In Georgia, a mother who said her children were taken away from her because she is gay has regained custody after a state appeals court reversed a previous order by a juvenile court judge, the Associated Press reported. In a unanimous opinion, the appeals court panel wrote that although the judge listed Amber Crosby's 'lifestyle' as a reason why she was an unfit mother, he had no evidence that was true. Judge Herbert Kernaghan Jr. had signed an order Feb. 5 to remove Crosby's two children, ages 4 and 6, from her custody. Crosby's grandparents were granted custody of one child, while the other went to the child's biological father.
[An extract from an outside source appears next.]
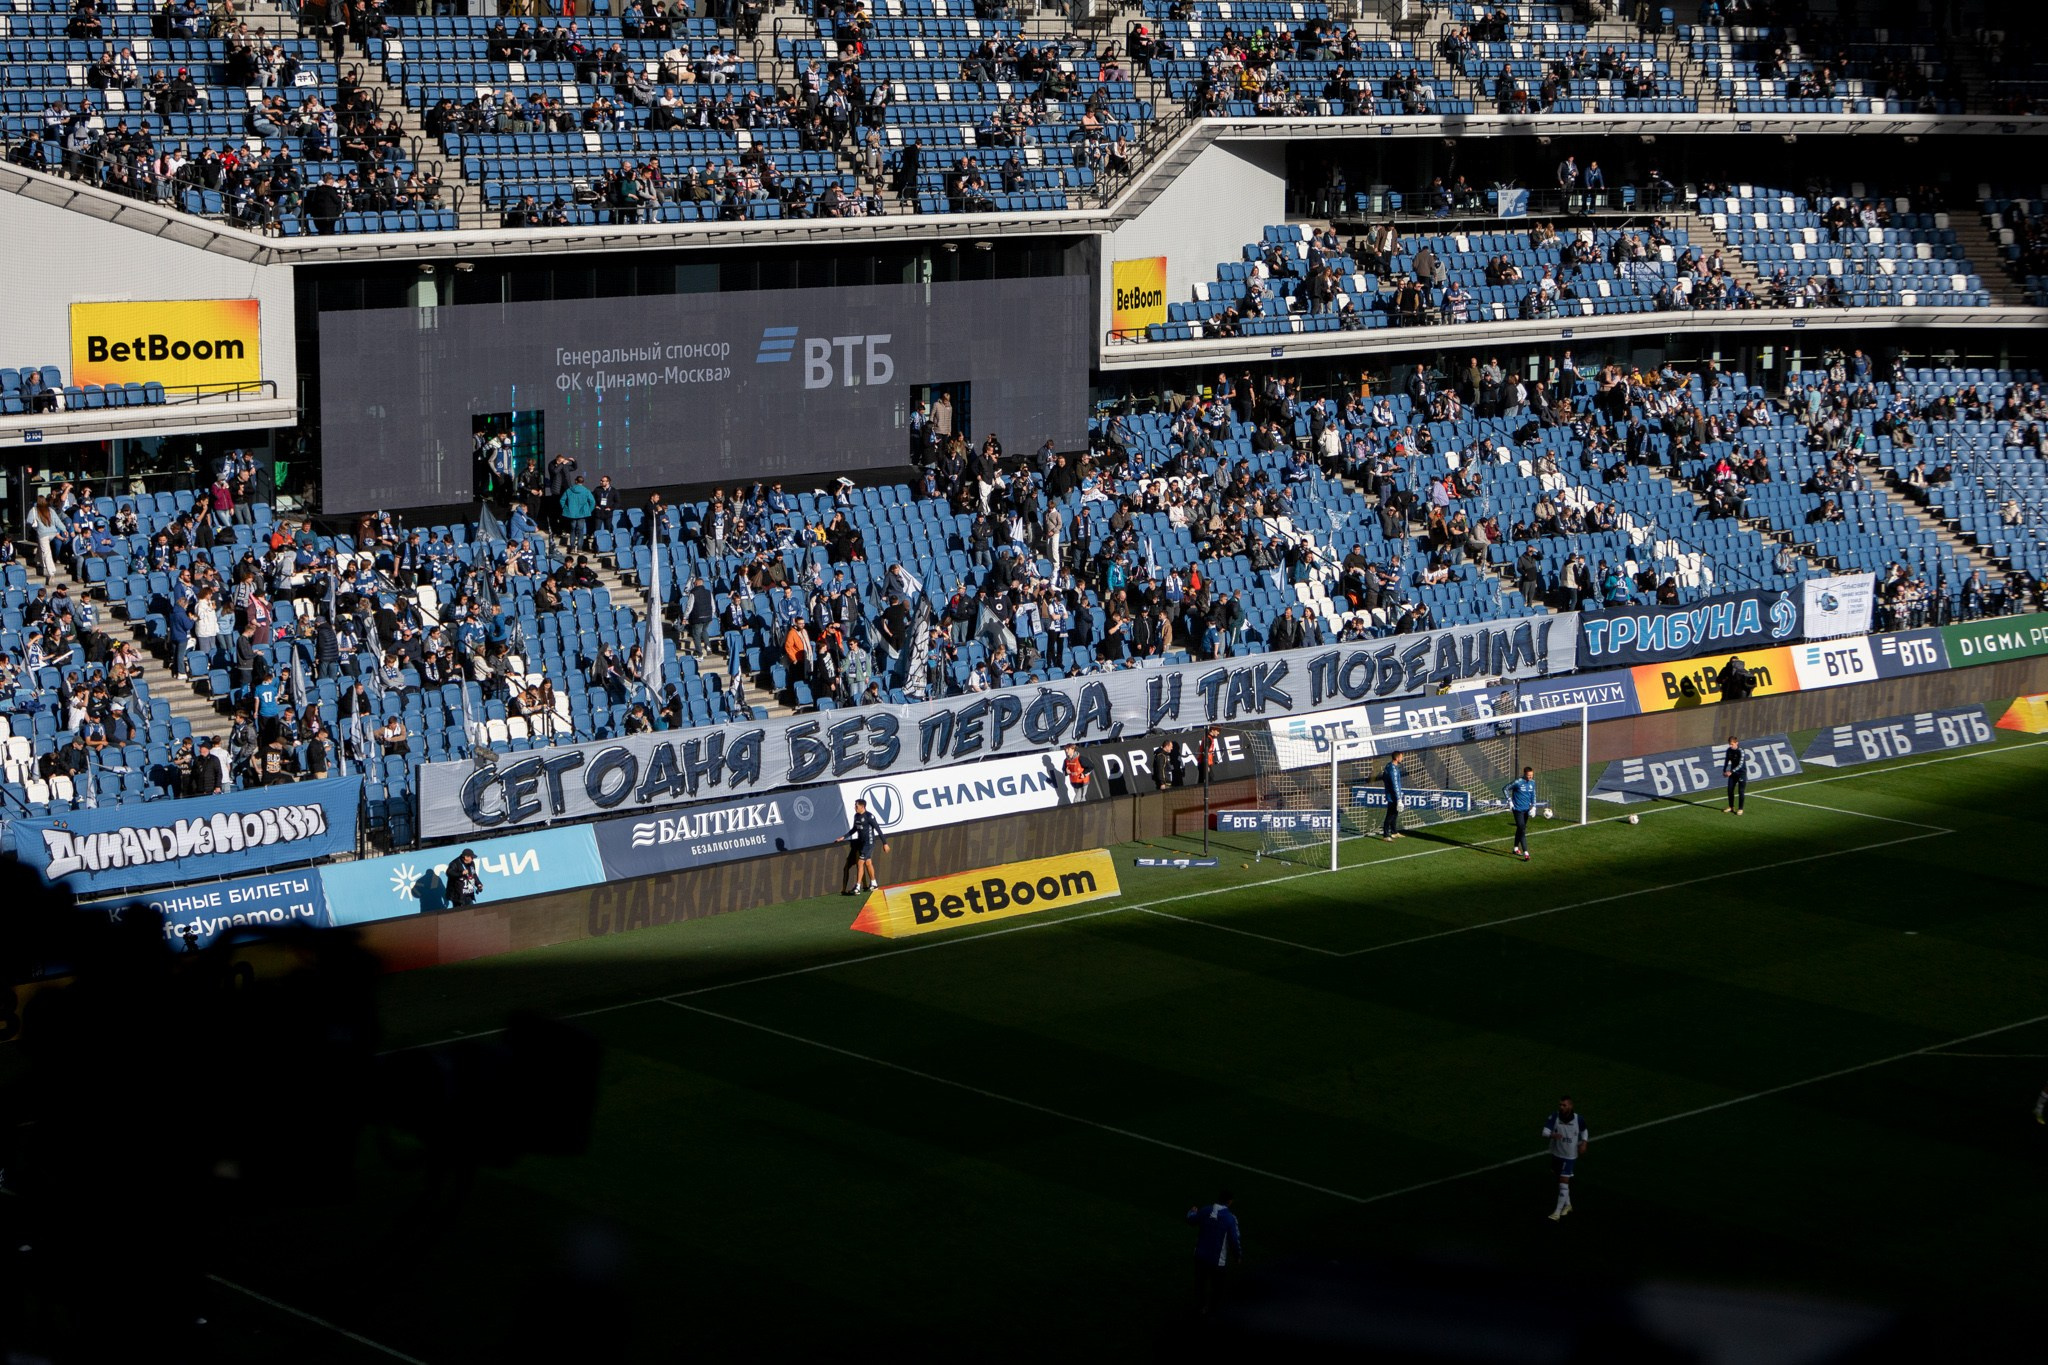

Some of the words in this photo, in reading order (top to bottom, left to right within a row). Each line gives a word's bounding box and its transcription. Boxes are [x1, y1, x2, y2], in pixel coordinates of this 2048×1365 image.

California Gov. Arnold Schwarzenegger suggested in a German newspaper interview that the Republican Party should move 'a little to the left,' a shift that he said would allow it to pick up new voters, according to 365Gay.com . Schwarzenegger, a Republican, has taken an unorthodox approach since winning office last year—standing by a promise to be fiscally conservative while being socially liberal on issues such as gay rights and the environment. In an interview with Germany's Sueddeutsche Zeitung daily, Schwarzenegger said that 'the Republican Party currently covers only the spectrum from the right wing to the middle, and the Democratic Party covers the spectrum from the left to the middle.'
Utah governor-elect Jon Huntsman Jr. first suggested legislation to grant rights to unmarried, cohabiting adults in the heat of an election-year debate about gay rights and the state's marriage amendment. Now, according to the Salt Lake Tribune, a bill is being drafted that would put some of Huntsman's ideas into place—a bill that the governor's chief of staff is carefully describing as an effort to preserve 'human dignity.'
In a groundbreaking move in Delaware, the borough of Lansdowne became the first municipality in Delaware County to offer domestic-partnership benefits to unmarried employees in long-term relationships and to prohibit discrimination based on sexual orientation and gender identity, according to The Delaware County Daily Times.
In Idaho, efforts to pass a state constitutional amendment banning marriage may fall short, according to an Associated Press report. An Idaho Falls-based newspaper called the Post Register has identified 12 state senators who at least partly oppose the amendment—enough to kill the effort.
There is now a project taking place in several major cities to take rapid HIV testing to the streets, according to The New York Times. The eight-month-old experiment is under way in cities such as Boston, Chicago, Los Angeles, and Detroit; the tests are administered in gay bars, teenagers' clinics, homeless shelters, and drug-treatment centers. The test is the OraQuick Rapid HIV-1 Antibody test, a pinprick blood test that shortens the wait for the results of a test from two weeks to 20 minutes.
The International Network of Lesbian & Gay Officials ( INLGO ) announced that it is merging with the Gay & Lesbian Leadership Institute, the non-profit arm of the Gay & Lesbian Victory Fund and Leadership Institute, the Washington Blade reported.
Los Angeles-based Gay and Lesbian Elder Housing has received a $1 million gift from the Annenberg Foundation to support the building of Encore Hall, RainbowNetwork.com reported. Encore Hall is the nation's first non-profit, affordable housing development that includes a community service center supporting the needs of LGBT older adults. The gift will be used to fund construction of the $18.6 million 104-unit building, which is designed to house individuals of mixed incomes under an affordable housing model, with 30 percent of the units set aside for people who are homeless, at risk of becoming homeless, or living with HIV/AIDS.
Workforce policies are gradually putting sexual orientation on the same level with other dimensions of diversity, such as race, Workforce Management Online reported. Some companies embrace gay training because of philosophical beliefs in equality while others see it as a way to foster teamwork, enhance productivity, or attract gay consumers. For example, Whirlpool, the top U.S. home appliance manufacturer, ensures that employees understand the buying power of gay consumers by devoting a training module to the business case for diversity.